Sat, 2018-02-17 14:33

Like a bunch of my friends around Anchorage, I struggled to stay conscious until 12:30 a.m. Saturday, waiting for the American women to compete in the cross-country skiing relay race at the Olympics.

It's been 42 years since the U.S. won its last, and only, Olympic medal in cross-country skiing. A lot of us thought that could change early Saturday, and some even expected it.

Instead — spoiler alert — the Americans fell out of contention 10 minutes into the hour-long race. I fell asleep, waking up half an hour later as Norway and Sweden duked it out on the homestretch for gold. The U.S. women finished fifth.

The result was a disappointment, not just for the American fans who watched but for the four athletes themselves. Sophie Caldwell, whose shaky first leg left the U.S. far behind the leaders, stood with tears in her eyes during an interview with her teammates afterward, Minnesota's Star Tribune newspaper reported.

The Olympics aren't over and the Americans' cross-country skiing hopes aren't completely extinguished: the women still have what might be their best shot at a medal in Wednesday's team sprint.

But if you watch that race on television, or read about afterwards, it's worth keeping in mind the increasingly blurry line between hopes and expectations.

Americans are conditioned to winning at the Olympics.

[Girdwood's Keegan Messing wraps up his Olympics with a 12th-place finish — and a smile]

We won the most medals at the 2016 and 2012 summer games, and trailed only hosts Russia at the 2014 Winter Olympics.

The relentless Olympic hype also creates a sense of inevitability.

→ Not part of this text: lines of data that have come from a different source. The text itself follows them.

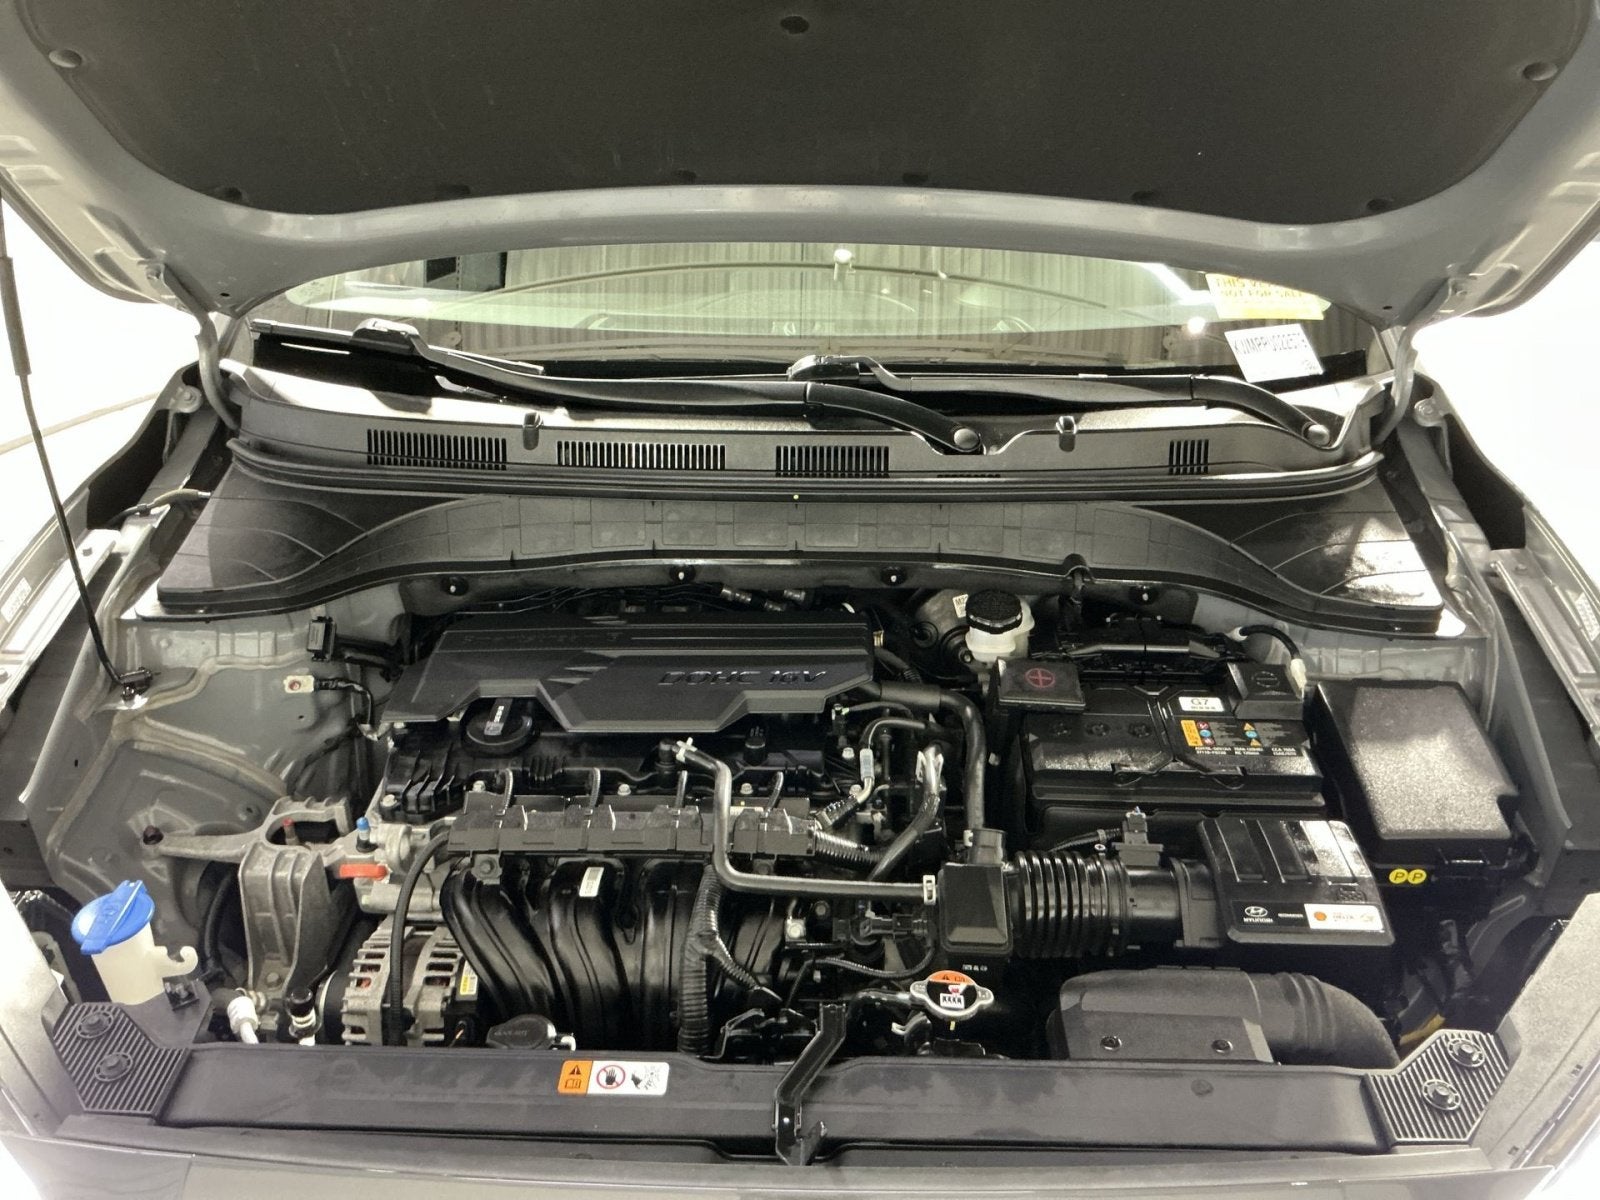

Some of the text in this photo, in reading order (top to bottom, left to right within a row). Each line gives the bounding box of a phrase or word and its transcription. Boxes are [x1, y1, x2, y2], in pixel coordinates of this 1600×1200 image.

[658, 670, 828, 686] DOHC 16V
[1191, 698, 1209, 706] G7
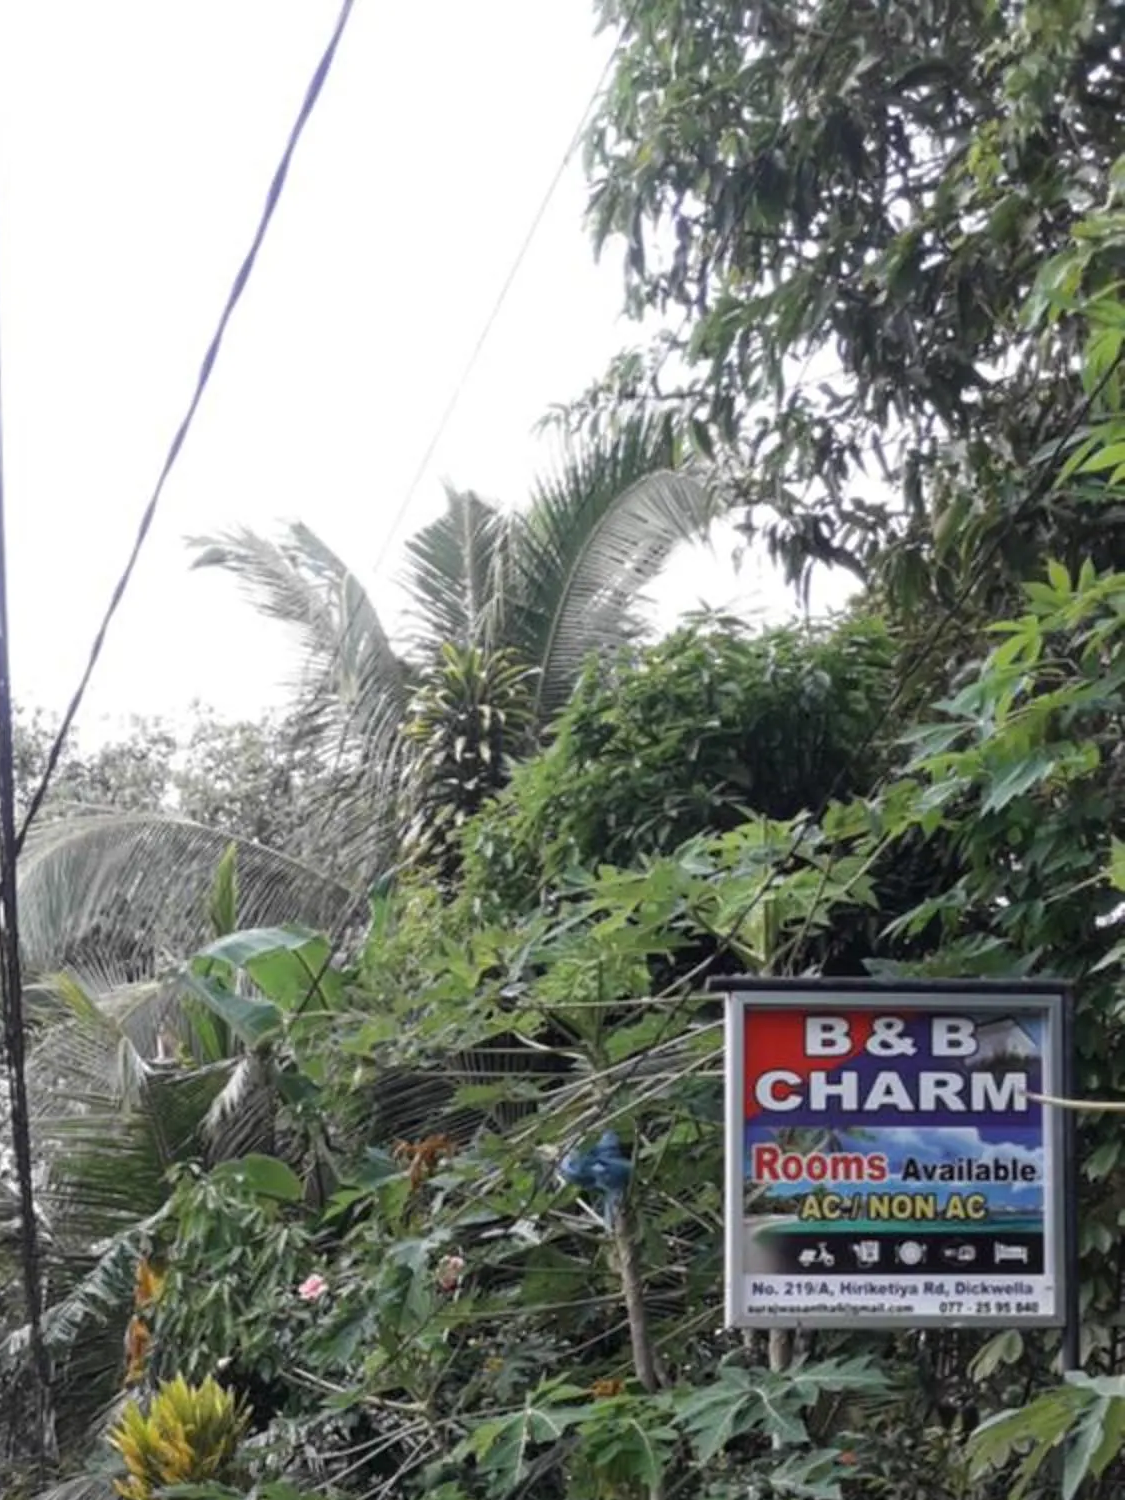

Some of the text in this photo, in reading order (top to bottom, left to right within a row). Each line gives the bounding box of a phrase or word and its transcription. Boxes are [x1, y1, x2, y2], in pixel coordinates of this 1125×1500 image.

[754, 1069, 1028, 1112] CHARM
[752, 1145, 1036, 1183] Rooms Available
[868, 1194, 937, 1220] NON
[946, 1194, 987, 1220] AC
[751, 1281, 779, 1296] No.
[839, 1280, 918, 1298] Hiriketiya
[923, 1281, 950, 1298] Rd,
[954, 1279, 1033, 1297] Dickwella
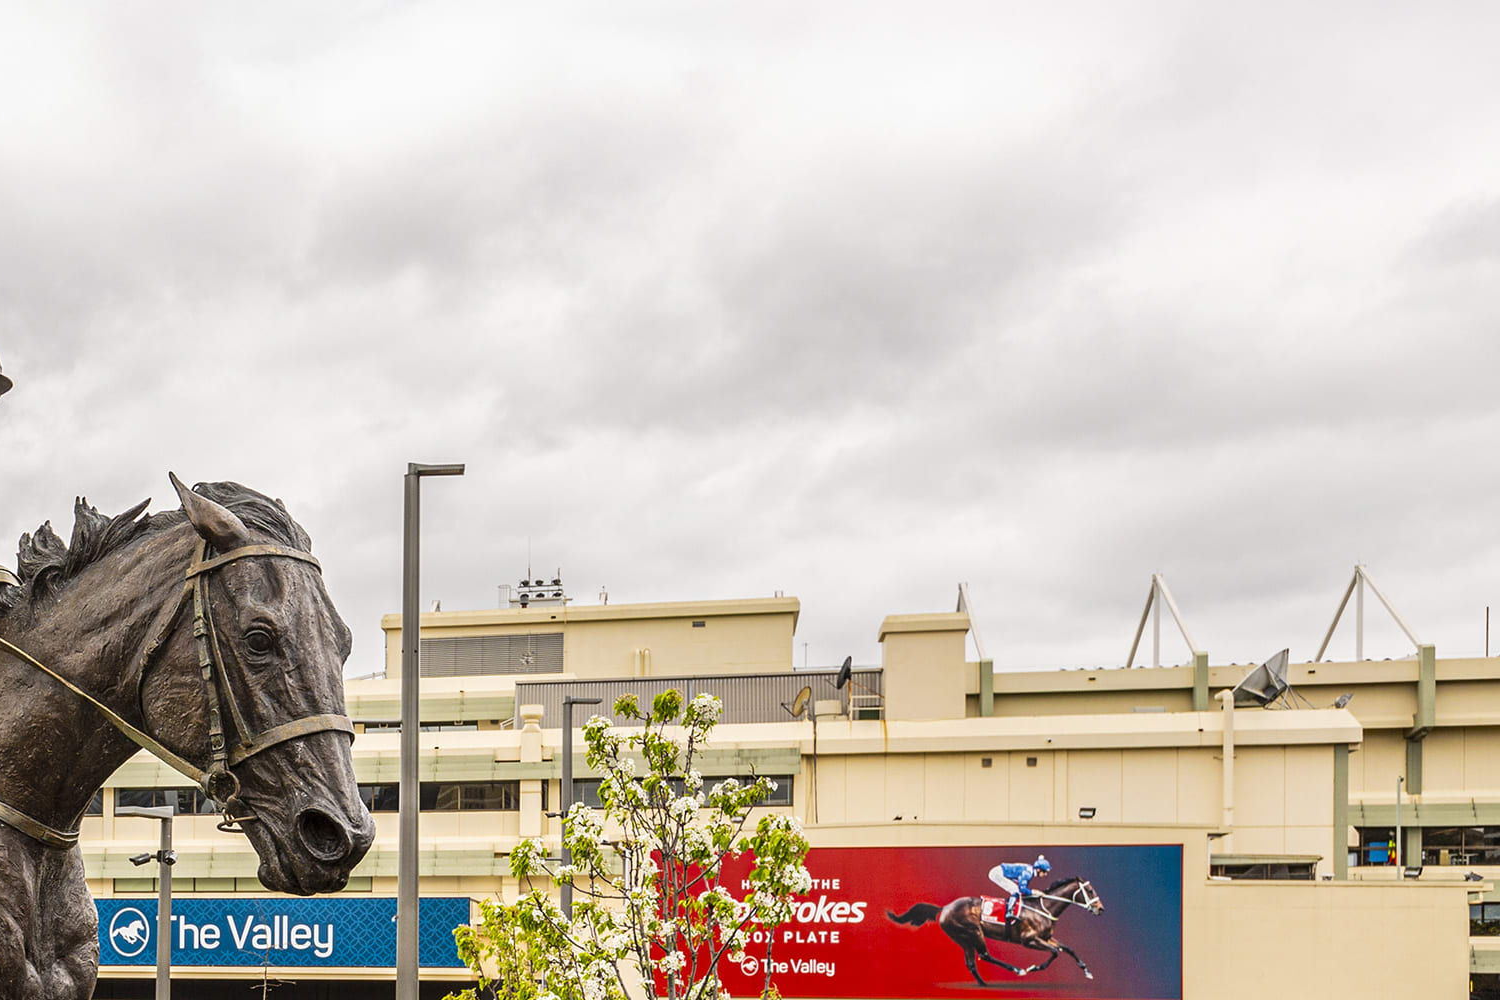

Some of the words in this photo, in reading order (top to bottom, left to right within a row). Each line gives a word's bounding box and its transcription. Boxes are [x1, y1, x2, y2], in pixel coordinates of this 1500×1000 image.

Days before the relay, the U.S. women sat down with Katie Couric — Katie Couric! — who, between highlights of podium finishes, promised to put glitter on her cheeks in solidarity with the team.

"Cross-country skier Jessie Diggins is 'sparkly.' She also is poised to break a long Olympic drought," read one headline in the Washington Post.

Okay, we get it: the Americans actually have a chance at their first cross-country skiing medal in decades. But consider their competition in Saturday morning's relay.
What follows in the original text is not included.